When I was learning the piano as a child, I remember feeling that I was chained to an exam treadmill: every year I took another exam, and as soon as the exam was over and the results were in, I moved on to the next grade’s syllabus. I did all this willingly, because it pleased my parents and my teacher, and I suppose I was pretty pleased too, to receive a smart Associated Board of the Royal Schools of Music certificate as proof of my achievement.
My teaching philosophy is to make piano lessons fun and to share with my students – children and adults – my passion for and love of the piano and its literature. No one is obligated to take an exam in my studio, but in these days of ‘anti-competitive’ sports days at our primary schools, I find that most of the children I teach are keen to take graded exams, as a measure of where they are in their piano studies, and proof that they can do it.
For students who have been immersed in study for an exam for more than a term or two, it can sometimes be difficult to remain focussed on the task in hand and to remember why one is taking a music exam.
Motivation: taking a music exam encourages commitment, stimulates the student to practice and gives the student an extra nudge to their learning. Success in an exam offers a real sense of achievement, and the student will receive a report with positive, helpful comments and constructive criticism, plus a smart certificate which can be framed.
Benchmarking: Achieving a graded music exam gives the student a sense of where he or she is in their studies, and a visible, recognised measure of personal progress and attainment. Meeting other students who are further advanced in their exams is a useful and inspiring pointer to what can be achieved next or in the future. Graded music exams are also recognised by other teachers, schools, colleges and universities, and show that you have reached a certain level of competency as a musician and instrumentalist.

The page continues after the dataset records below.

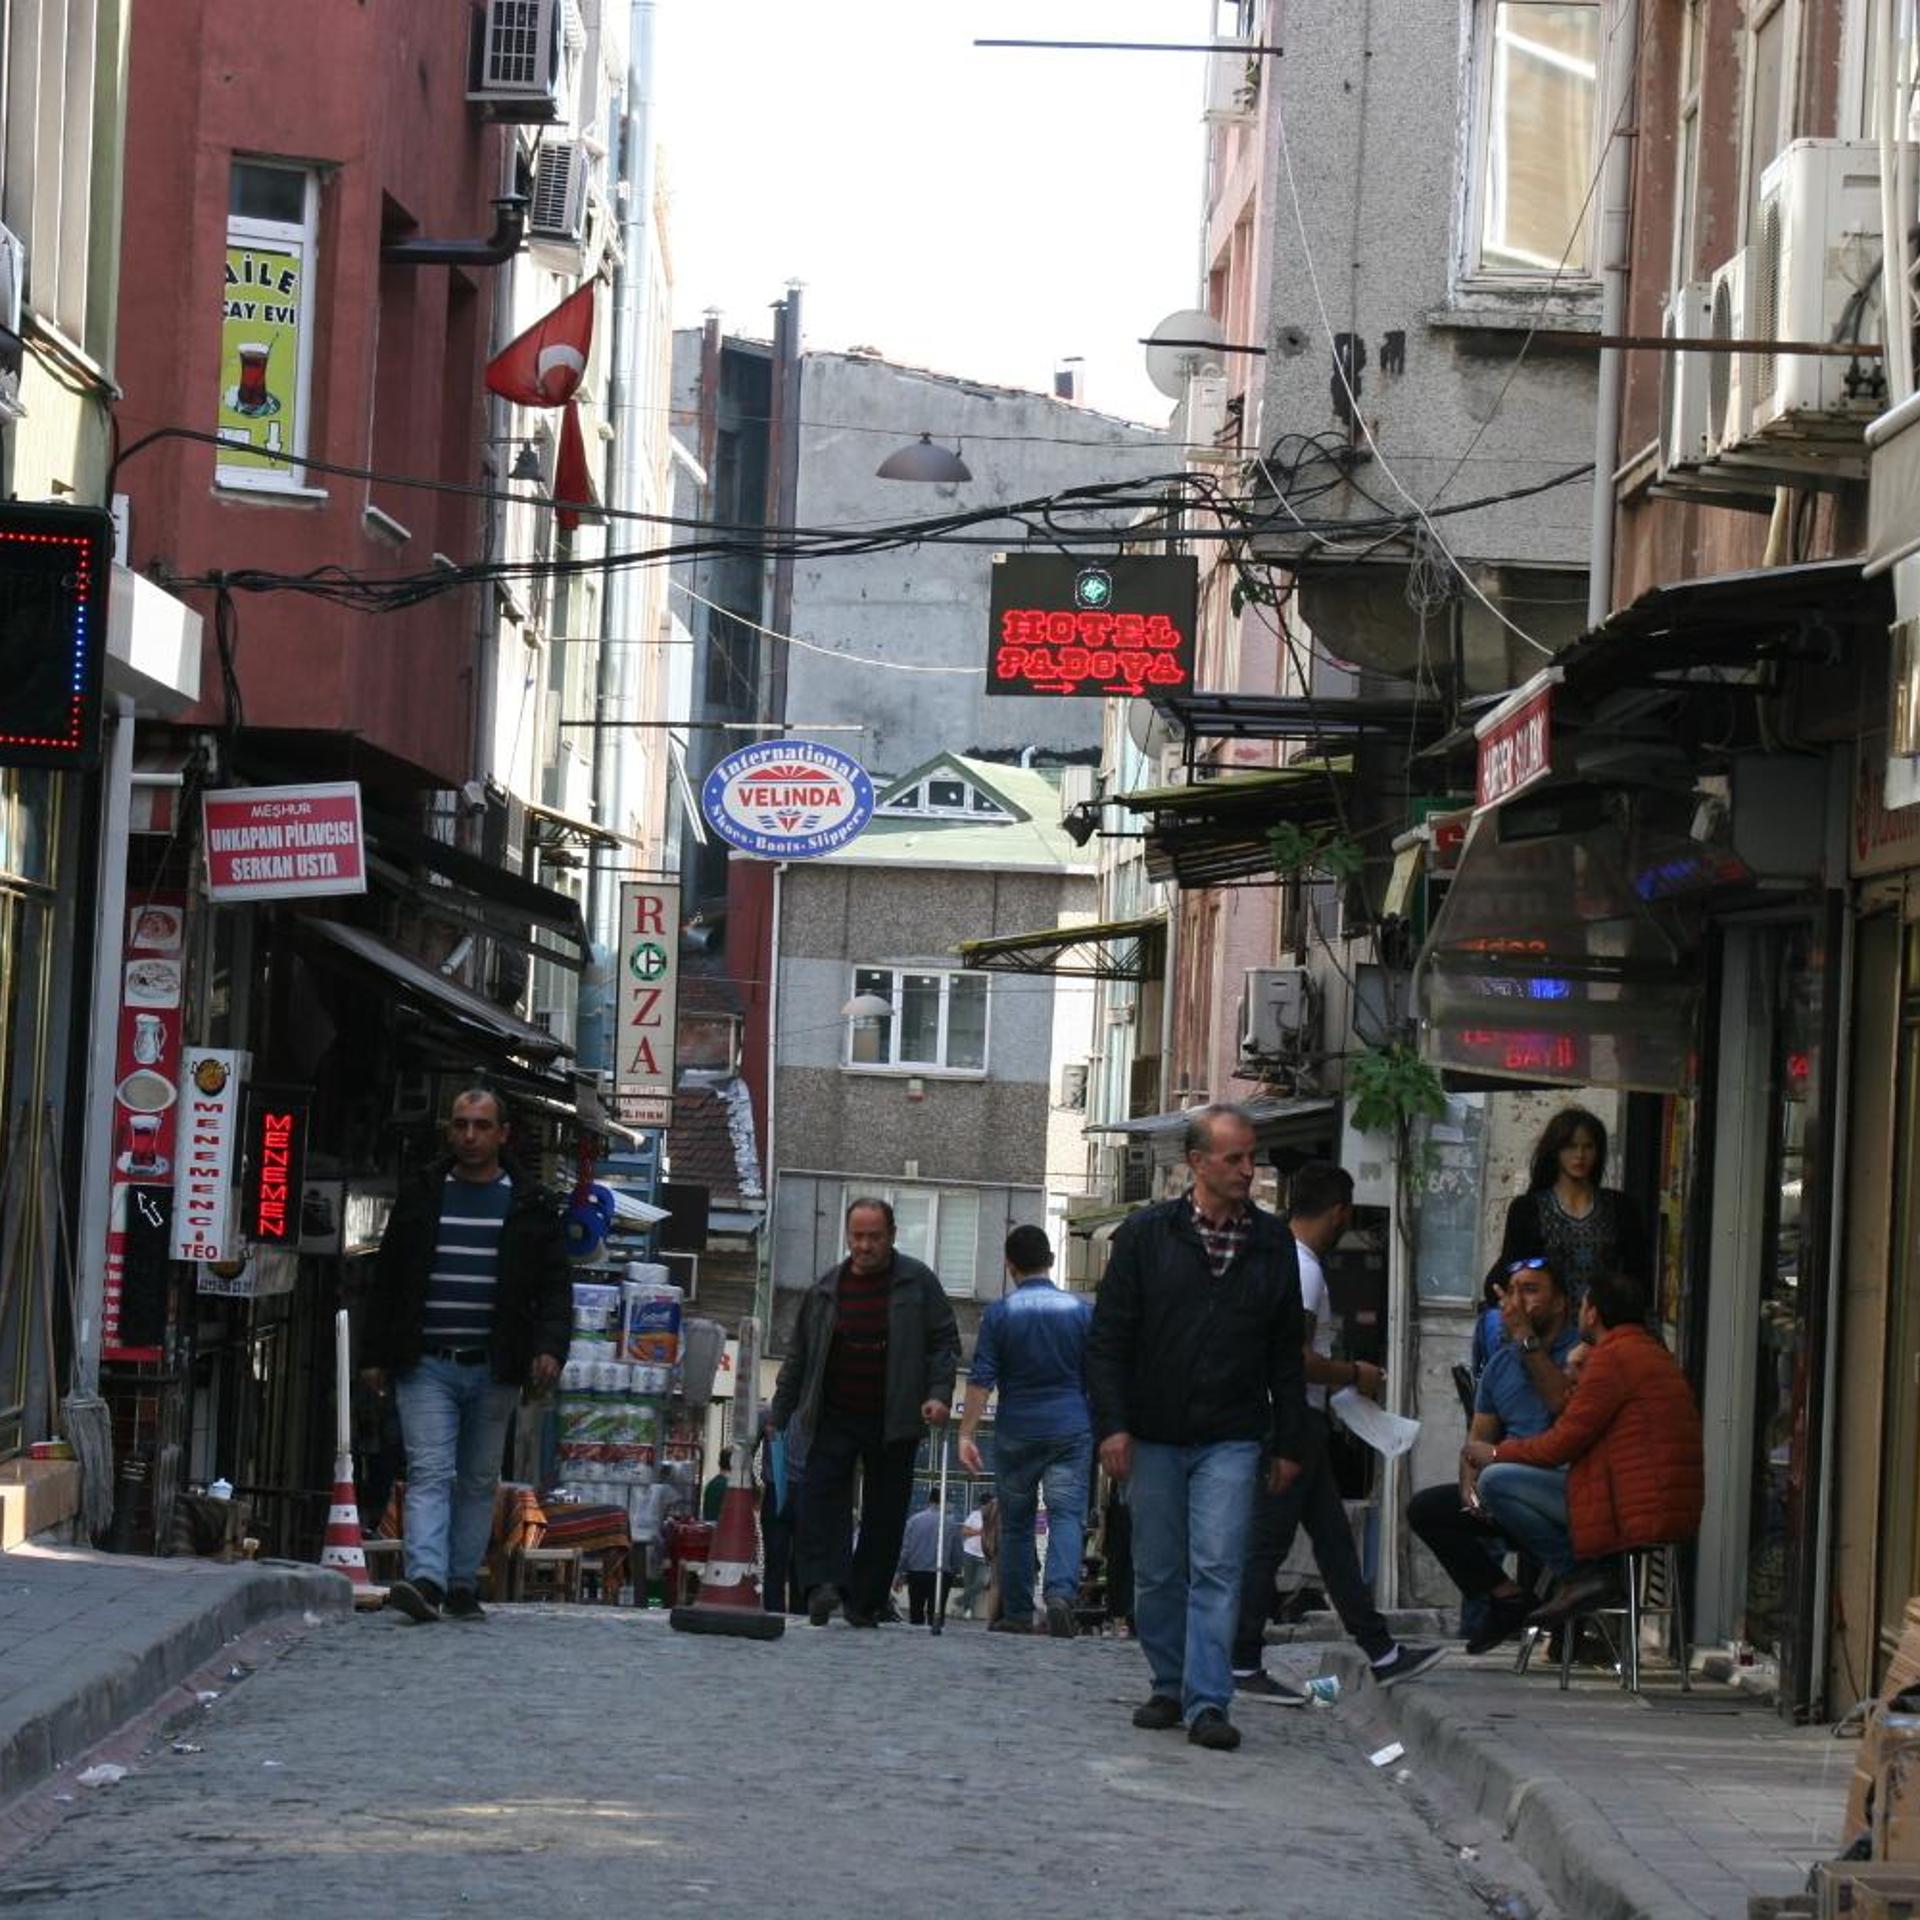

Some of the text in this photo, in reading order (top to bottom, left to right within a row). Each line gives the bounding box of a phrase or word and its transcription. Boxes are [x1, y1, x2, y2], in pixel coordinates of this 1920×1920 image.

[264, 304, 295, 324] EVİ
[1002, 609, 1182, 649] HOTEL
[717, 744, 861, 783] International
[211, 825, 282, 853] UNKAPANI
[231, 853, 338, 881] SERKAN USTA
[626, 896, 668, 1075] ROZA
[258, 1112, 292, 1237] MENEMEN
[180, 1243, 218, 1260] TEO

Building skills: Graded music exams are designed so that skills such as technique, memorisation and musical awareness can be developed gradually and thoroughly.
Exploring repertoire: At every level, from Initial/Prep Test to Grade 8, there is a good range of repertoire to choose from, from Baroque to present-day and jazz. This allows students to offer varied and interesting programmes, and to enjoy studying a range of musical styles.

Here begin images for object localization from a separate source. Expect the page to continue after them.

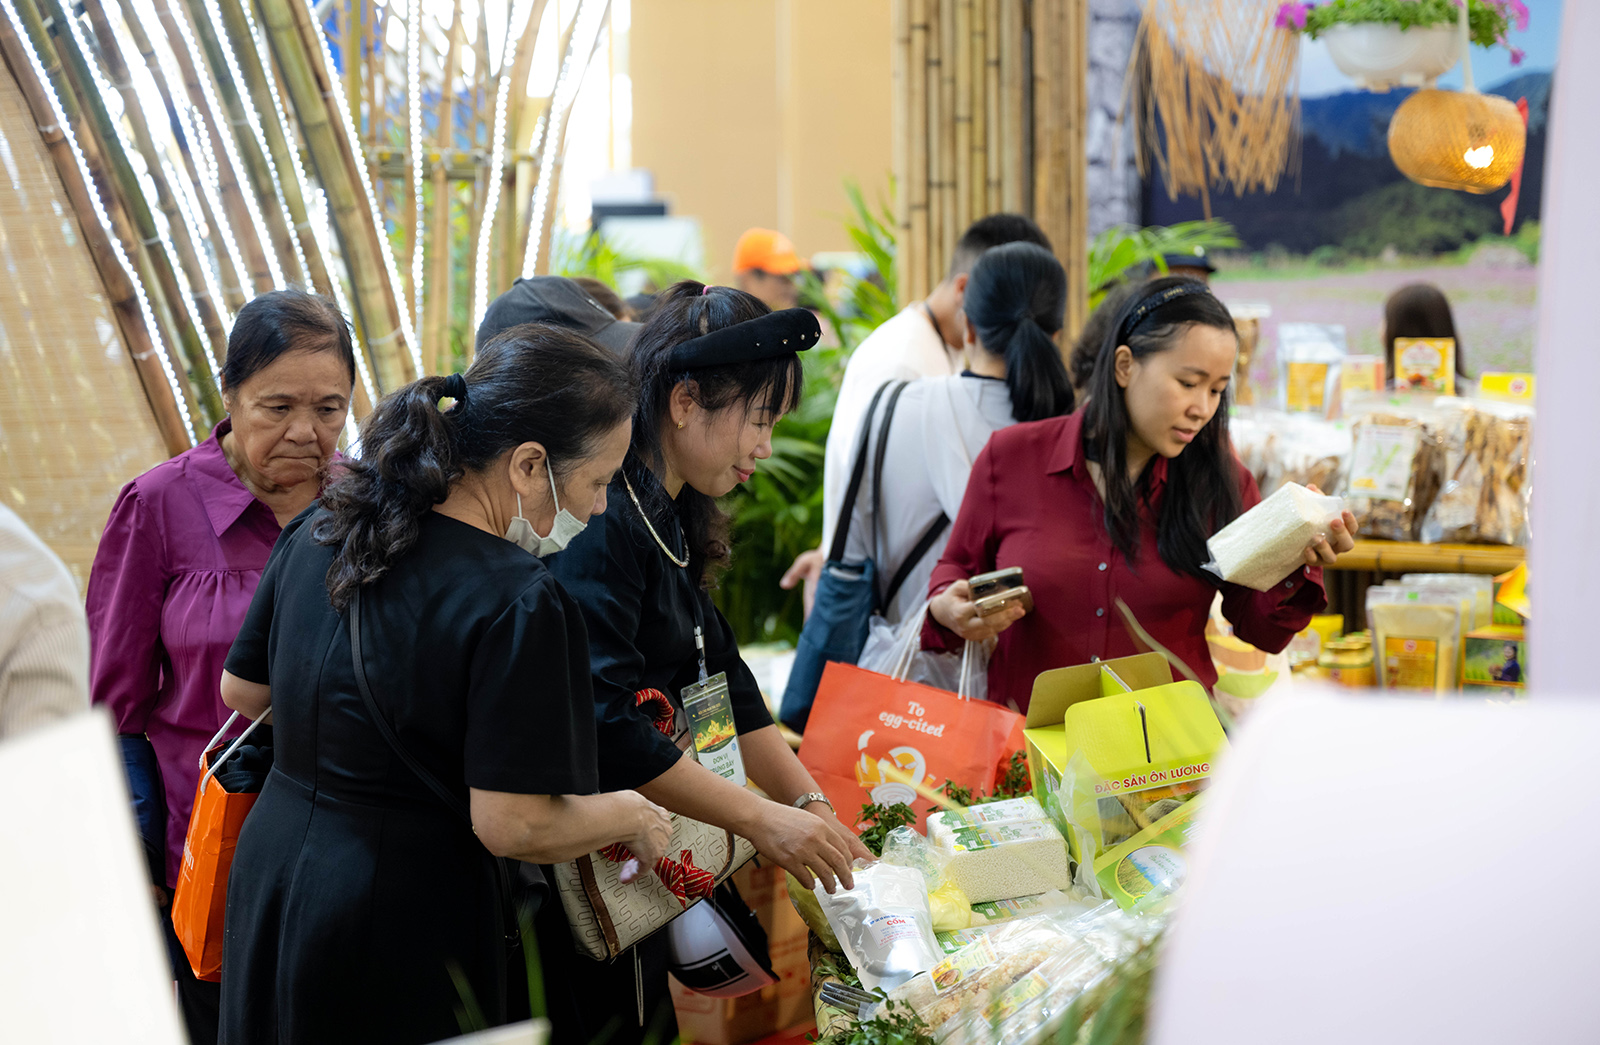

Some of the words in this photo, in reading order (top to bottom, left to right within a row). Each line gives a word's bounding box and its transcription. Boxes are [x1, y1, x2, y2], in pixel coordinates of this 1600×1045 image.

[907, 701, 926, 717] To
[879, 711, 945, 738] egg-cited
[1094, 780, 1121, 795] ĐẶC
[1123, 774, 1147, 789] SẢN
[1149, 770, 1168, 784] ÔN
[1170, 763, 1210, 779] LƯƠNG

Boosting confidence: The experience of playing for someone else, whether it is teacher, examiner, adjudicator or before an invited audience is incredibly valuable. Learning to deal with performance anxiety and playing a programme of whatever length to others builds confidence and presentation skills which can be transferred to other areas of your life.

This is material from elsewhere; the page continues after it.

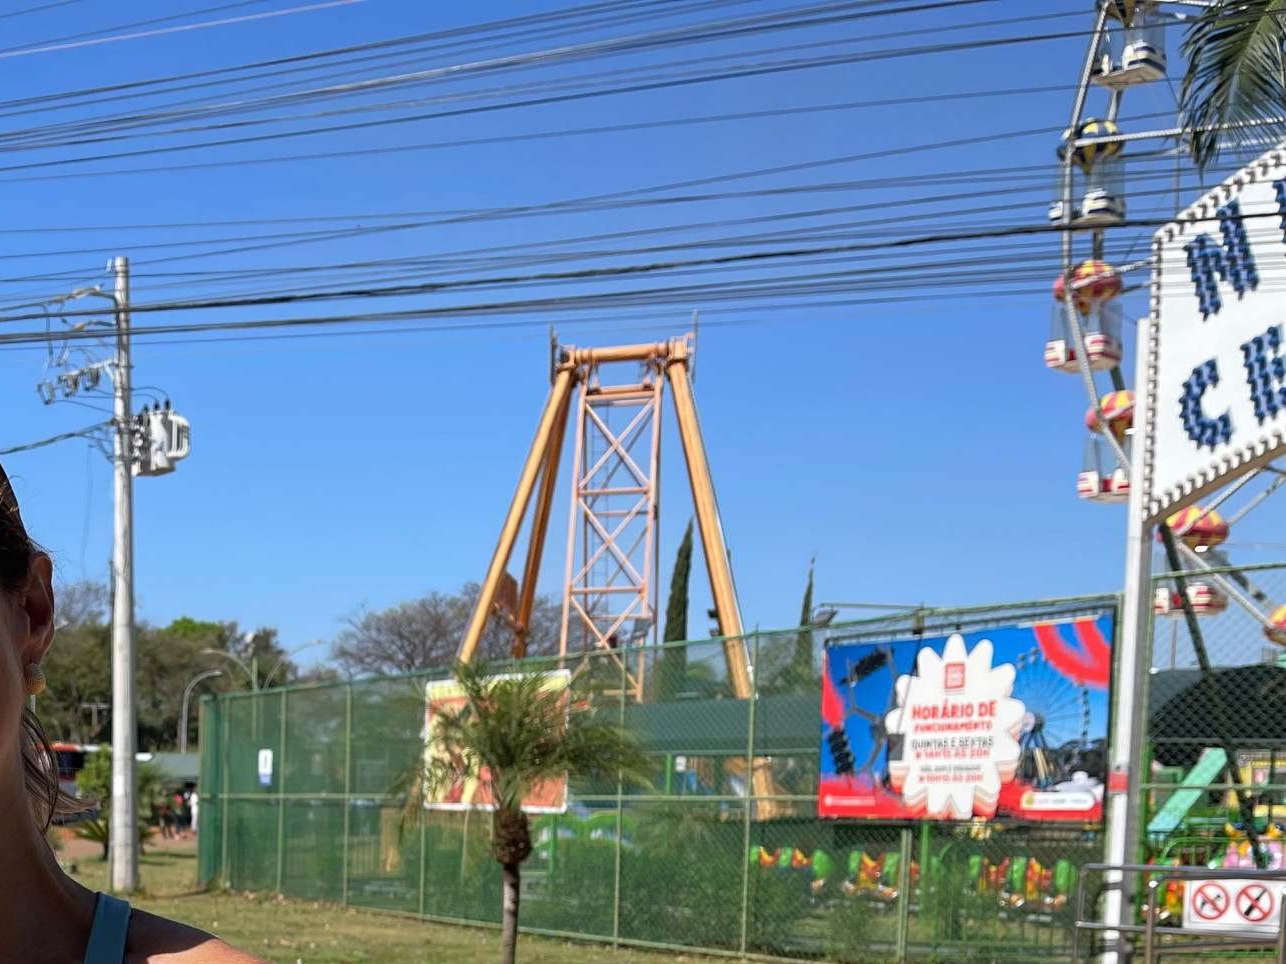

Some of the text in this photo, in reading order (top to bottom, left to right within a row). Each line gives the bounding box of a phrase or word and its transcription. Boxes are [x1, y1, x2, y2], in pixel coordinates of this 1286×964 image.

[1183, 178, 1286, 319] N
[911, 698, 997, 719] HORÁRIO DE
[912, 737, 948, 749] QUINTAS

Exams are not for everyone, of course, and some students, especially adults, are happy to study a variety of repertoire of varying degrees of difficulty for their own interest. For me, the most important aspect is to introduce students to as wide a range of music as possible, and to encourage listening, sharing and enjoyment of music. Between exams, I like to teach ‘step up’ repertoire, which allows the student to transition comfortably from one grade to another.
The spring exam season will soon be upon us. To all students, junior and advanced, young and old, I wish you the very best of luck.